3.2 The Three-Dimensional Nature of the Magnetic Field

It was Hermann Weyl, the philosopher of relativity as he has been called, in his beautiful book Symmetry who clearly emphasized faith in right-left equivalence as a central dogma of Western physical science, quite despite the fact that in his book he clearly shows the insurmountable difficulties in trying to frame the "asymmetry" of the behavior of the magnetic field, within an epistemological framework based on bilateral symmetry, whose real foundation is the same Aristotelian logic and whose character of faith derives from its predictive character, but which cannot account for the fact that the direction of the magnetic field is determined by the right-hand screw rule, which incidentally accounts for the formal definition of the vector product, so we can conclude that the magnetic field reflects the three-dimensional nature of space, from which its inherent capacity of energy storage could be derived.

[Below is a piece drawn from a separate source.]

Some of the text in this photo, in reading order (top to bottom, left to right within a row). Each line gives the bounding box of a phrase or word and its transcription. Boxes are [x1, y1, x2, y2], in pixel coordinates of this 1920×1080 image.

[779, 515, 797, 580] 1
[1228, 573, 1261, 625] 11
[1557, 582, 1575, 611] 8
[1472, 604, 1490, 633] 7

It is significant that as soon as Weyl has stated that.

"The result is, in short, that nothing in Physics has indicated an intrinsic difference between left and right..."

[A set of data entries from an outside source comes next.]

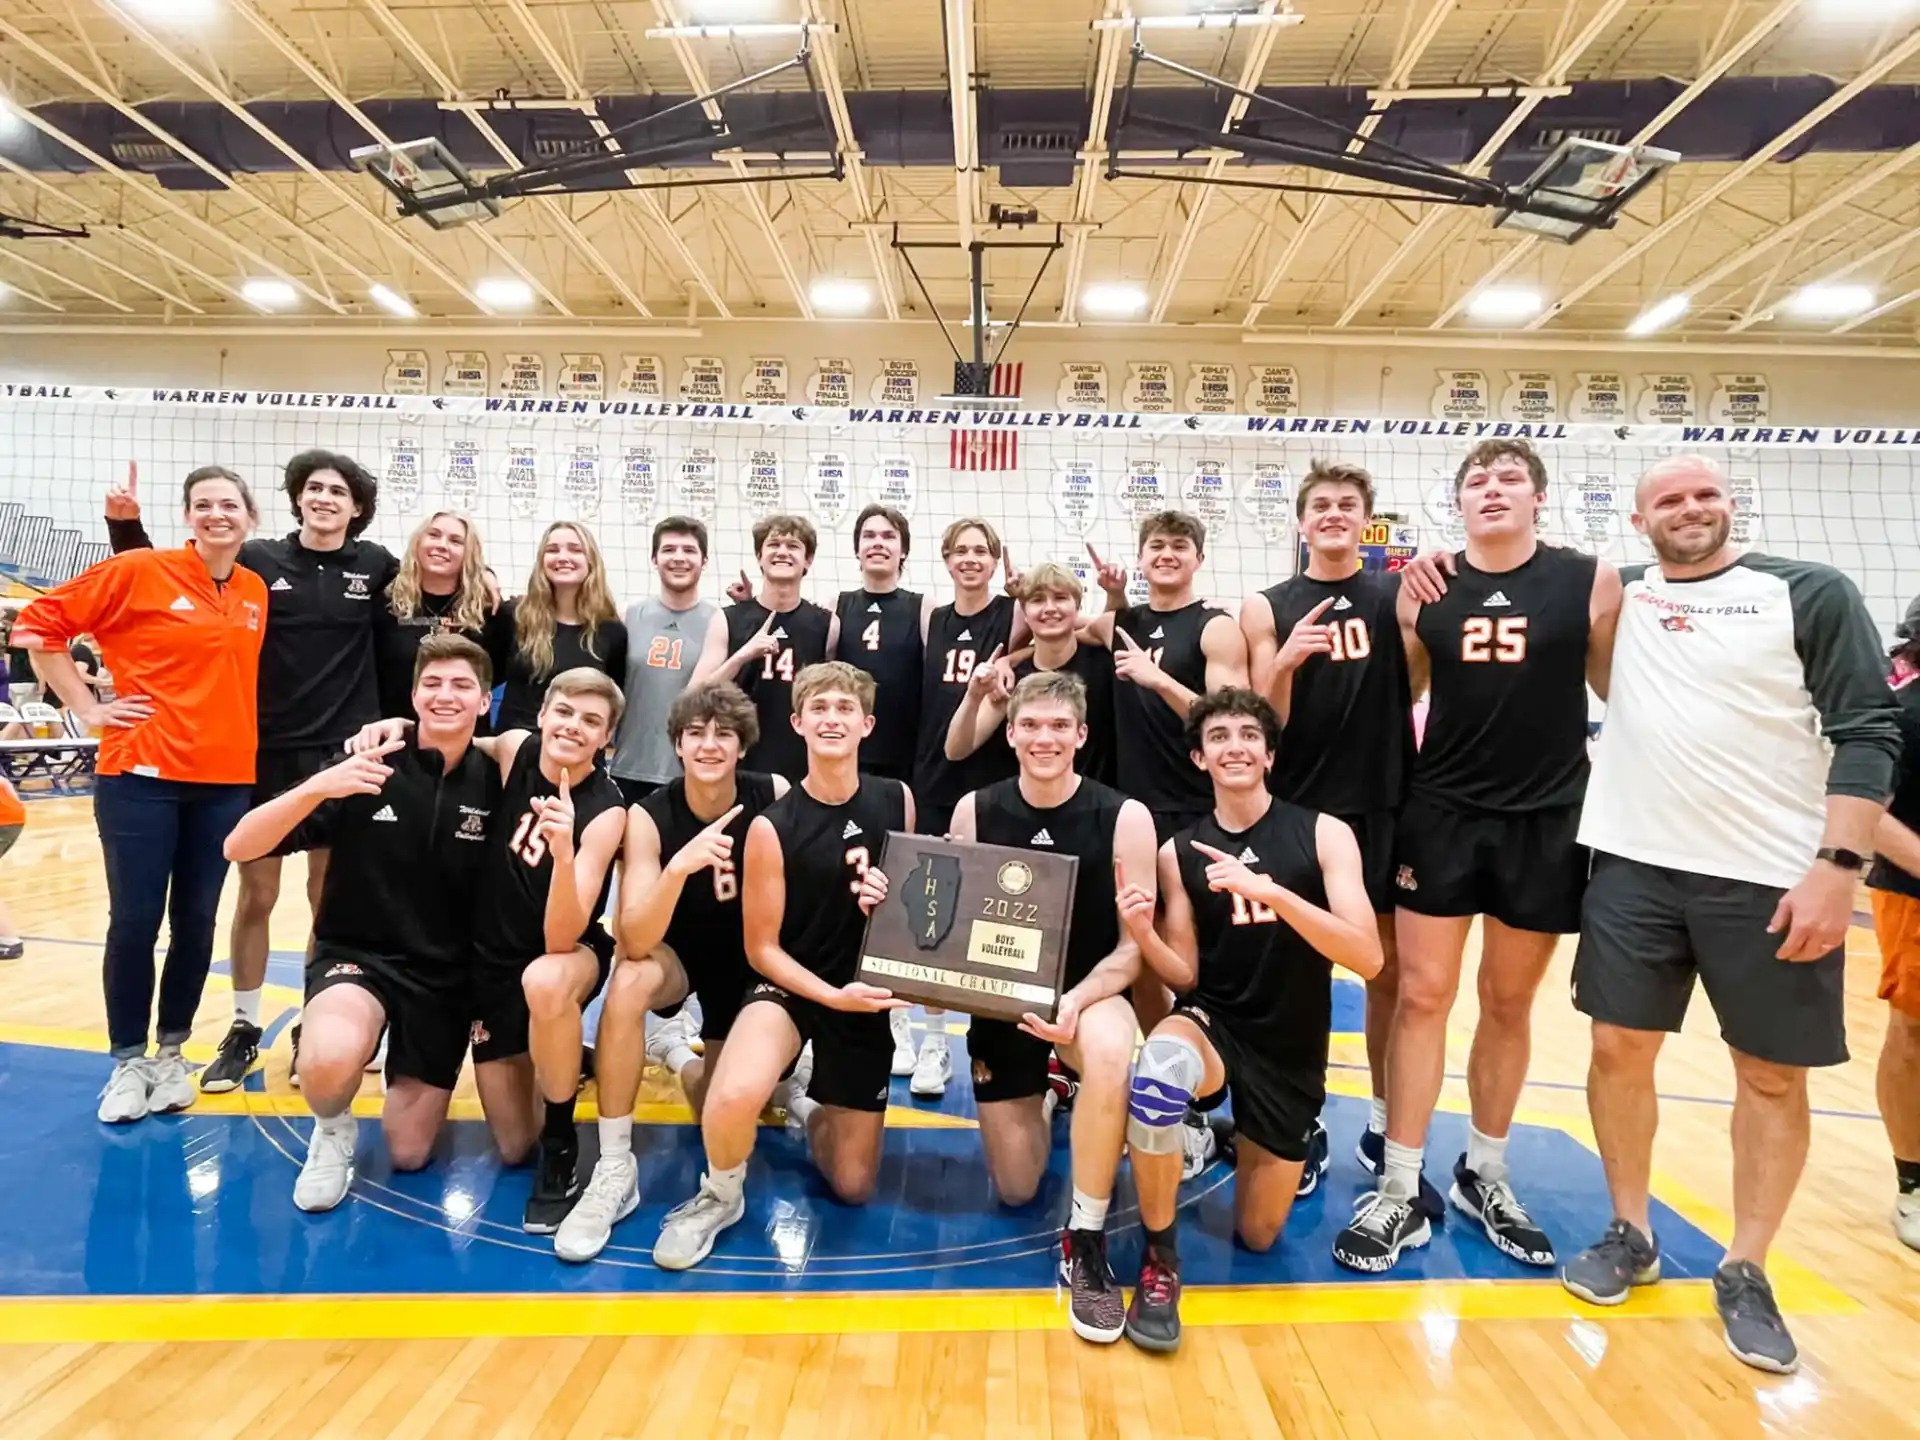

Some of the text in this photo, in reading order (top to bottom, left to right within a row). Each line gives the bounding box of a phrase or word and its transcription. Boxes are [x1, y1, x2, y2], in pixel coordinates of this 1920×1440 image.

[885, 369, 917, 377] SOCCER
[1200, 366, 1229, 374] ASHLEY
[0, 384, 73, 398] YBALL
[152, 389, 398, 409] WARREN VOLLEYBALL
[816, 391, 849, 399] FINALS
[1195, 397, 1234, 405] CHAMPION
[484, 399, 755, 419] WARREN VOLLEYBALL
[849, 408, 1142, 428] WARREN VOLLEYBALL
[1512, 405, 1555, 413] CHAMPION
[1247, 416, 1568, 438] WARREN VOLLEYBALL
[1681, 427, 1819, 444] WARREN
[1121, 492, 1164, 500] CHAMPION
[1385, 547, 1412, 557] GUEST
[861, 619, 881, 651] 4
[1328, 617, 1371, 661] 10
[1461, 616, 1528, 663] 25
[647, 636, 684, 670] 21
[761, 648, 794, 682] 14
[942, 649, 976, 683] 19
[924, 858, 937, 939] IHSA
[982, 897, 1038, 923] 2022
[995, 933, 1015, 946] BOYS
[981, 943, 1025, 960] VOLLEYBALL
[871, 960, 947, 984] SECTIONAL
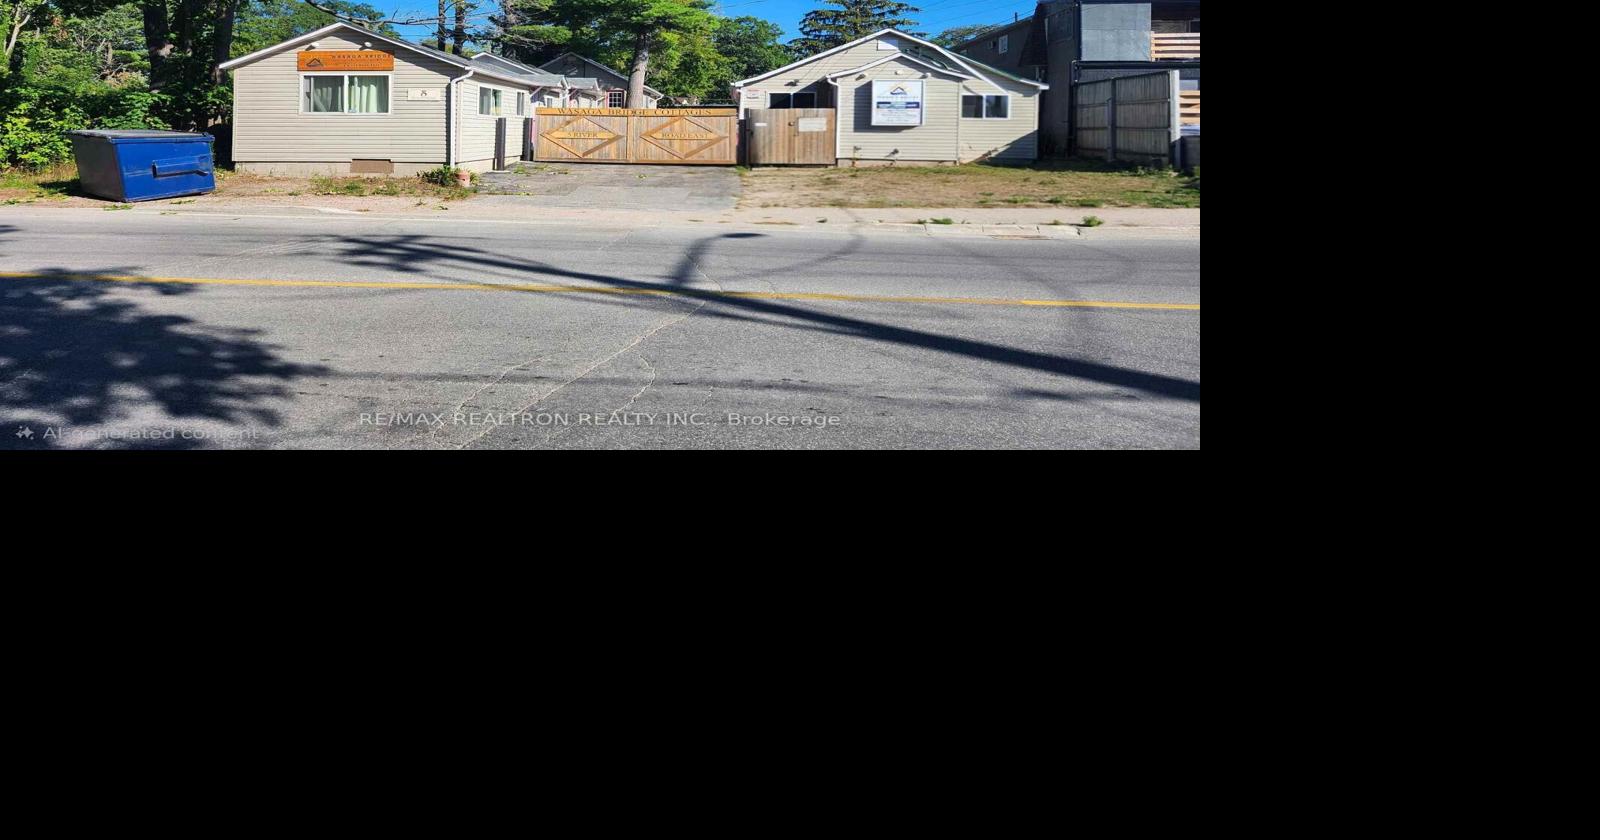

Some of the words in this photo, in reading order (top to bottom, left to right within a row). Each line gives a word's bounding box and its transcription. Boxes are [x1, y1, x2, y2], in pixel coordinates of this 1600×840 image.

[557, 107, 602, 115] WASAGA
[608, 108, 648, 116] BRIDGE
[654, 108, 712, 116] COTTAGES

that the violation of parity in weak interactions - where the invariant character of the spin direction of the magnetic field plays such a fundamental role - has indicated the opposite.

The parity-breaking experiment was performed by C.S.Wu, and for this: a sample of Co 60[2,418] was polarized in such a way that its nuclei had their magnetic fields or spins aligned:

the applied magnetic field configuration was set up as shown in Figure 3.3.a., which coincided with the polarization direction of Co 60.

"The system was inverted by rotating it 180° around the polarization line L, in such a way that the magnetic field and its spins were inverted and the experimental observation is shown in Figure 3.3.c: the result was that the direction of maximum electron emission intensity was inverted.

Actually based on the left-right equivalence it was theoretically thought to find something like the mirror image shown in Figure 3.3.b. but this was not what was observed experimentally. The experimental results are related to the fulfillment of the right-hand thread rule for the magnetic field and the indivisible unity of the magnetic poles.

All this we can interpret then, giving the magnetic field an ontological priority in relation to the electric field or the electric charge, and as an experimental proof of what Hermann Weyl did not want to recognize: that the physical structure of space contains a right-hand screw; that there is a fundamental asymmetry that leads us precisely to another type of symmetry whose starting point is not a line, but an ontological center that contains in itself a fundamental polarity, i.e., the same magnetic field.